I would like to know if someone can tell me which node or nodes to use to eliminate the dashes that join two words, that is, in the BoW I get: consideration-published, and what I want is to eliminate the dashe and get two independent terms (term1: consideration, term2: published).
as far as I know, the preprocessing nodes can be used for filtering specific characters (e.g. punctuation), but the term remains as one term and I guess you only want to filter the dashes and no other characters.
There are two possible approaches that came to my mind.
1)
You could use the String Manipulation node. However you have to use this node on String columns. So either you extract the Strings from your documents with the Document Data Extractor, process the String with the String Manipulation node and create documents again with the Strings To Document node, or you put the String Manipulation node in front of the Textprocessing pipeline / first document creation process.

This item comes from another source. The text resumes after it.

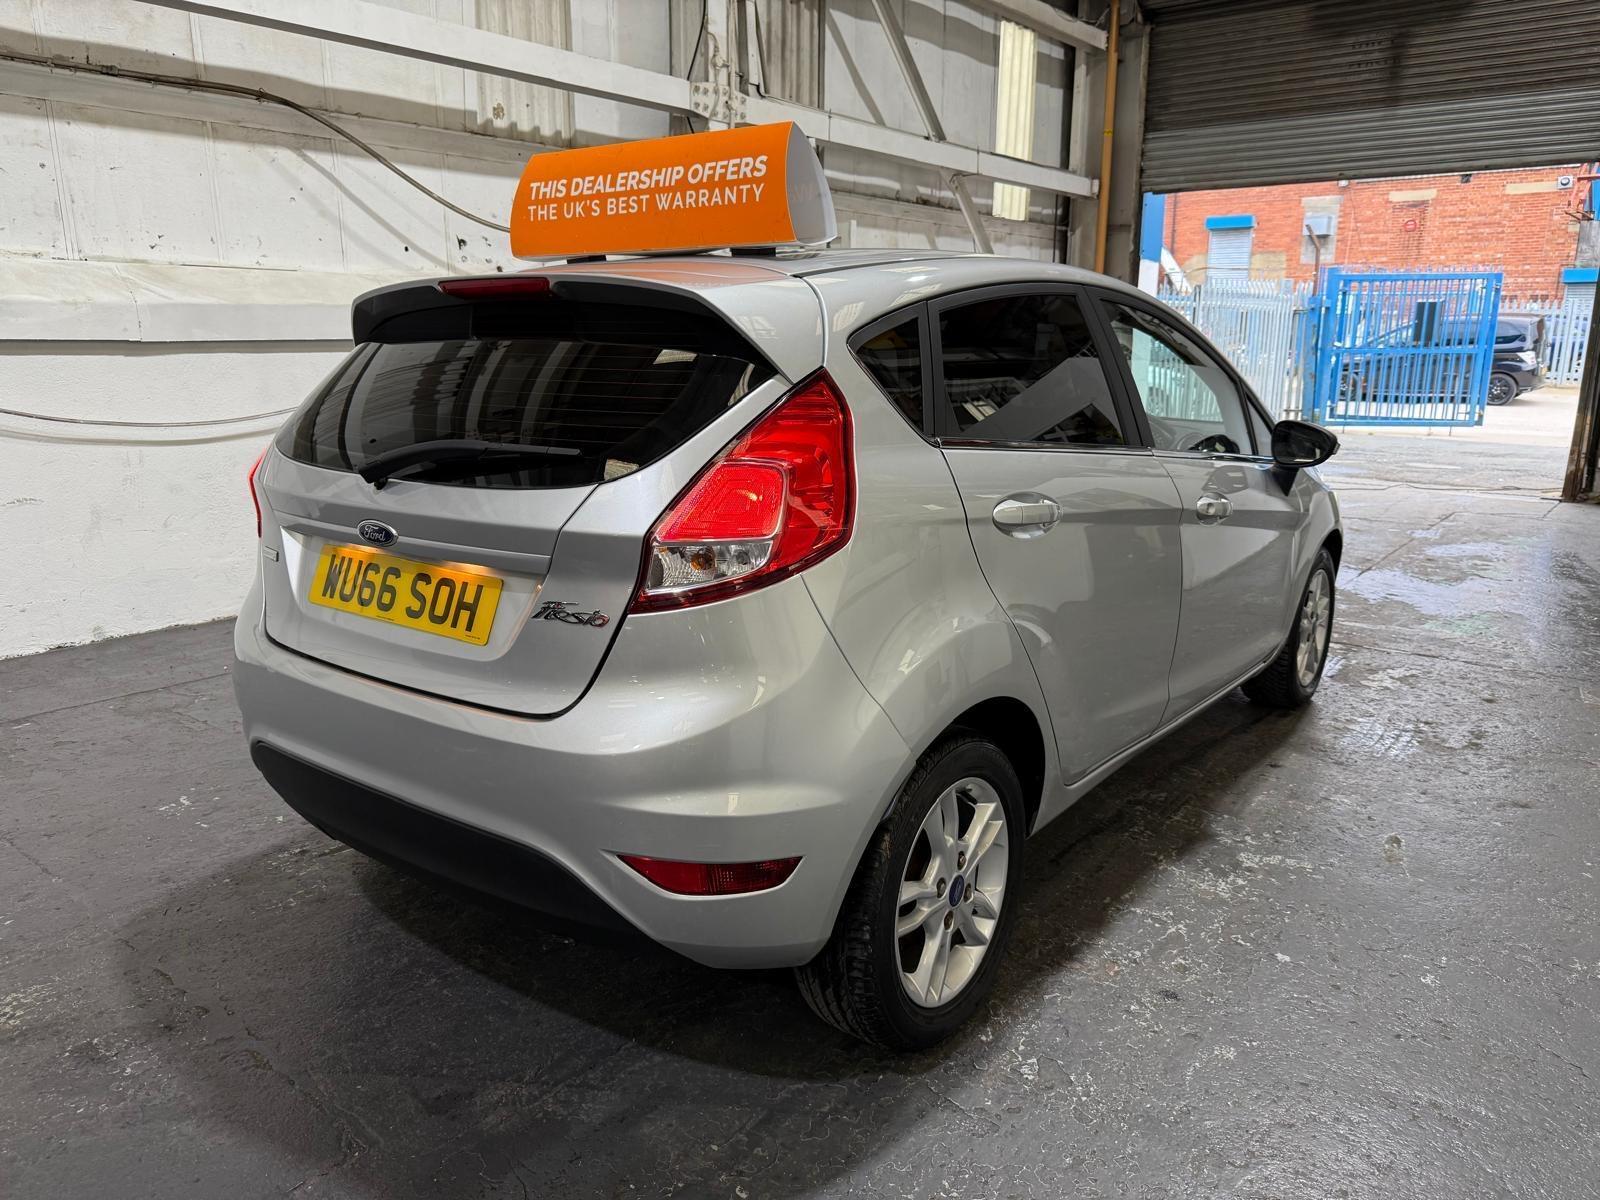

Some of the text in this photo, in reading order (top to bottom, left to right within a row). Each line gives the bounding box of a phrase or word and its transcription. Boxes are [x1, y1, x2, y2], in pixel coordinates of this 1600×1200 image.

Within the String Manipulation node, you could use regexReplace($COL_NAME$, “\b+(-){1}\b+”, " ") to replace the dash with a whitespace character. Afterwards the Strings To Document node will tokenize the String and return the split word as two terms.
Since the Strings To Document node is mainly responsible for the tokenization, splitting of one term into multiple terms is not possible with the given textprocessing nodes.
2)
Another possible solution (may be more convenient):
You could use the OpenNLP Simple Tokenizer for the Strings To Document node in the beginning of your textprocessing pipeline. This tokenizer creates terms based on sequences of characters belonging to the same character class. So “consideration”, “-” and “published” would be three seperate terms, because “-” is from another character class than the other two words.
Hi!
Thanks for your answer. I didn’t know the String Manipulation node, I appreciate your contribution.
I have use the OpenNLP Simple Tokenizer and I I got what I wanted.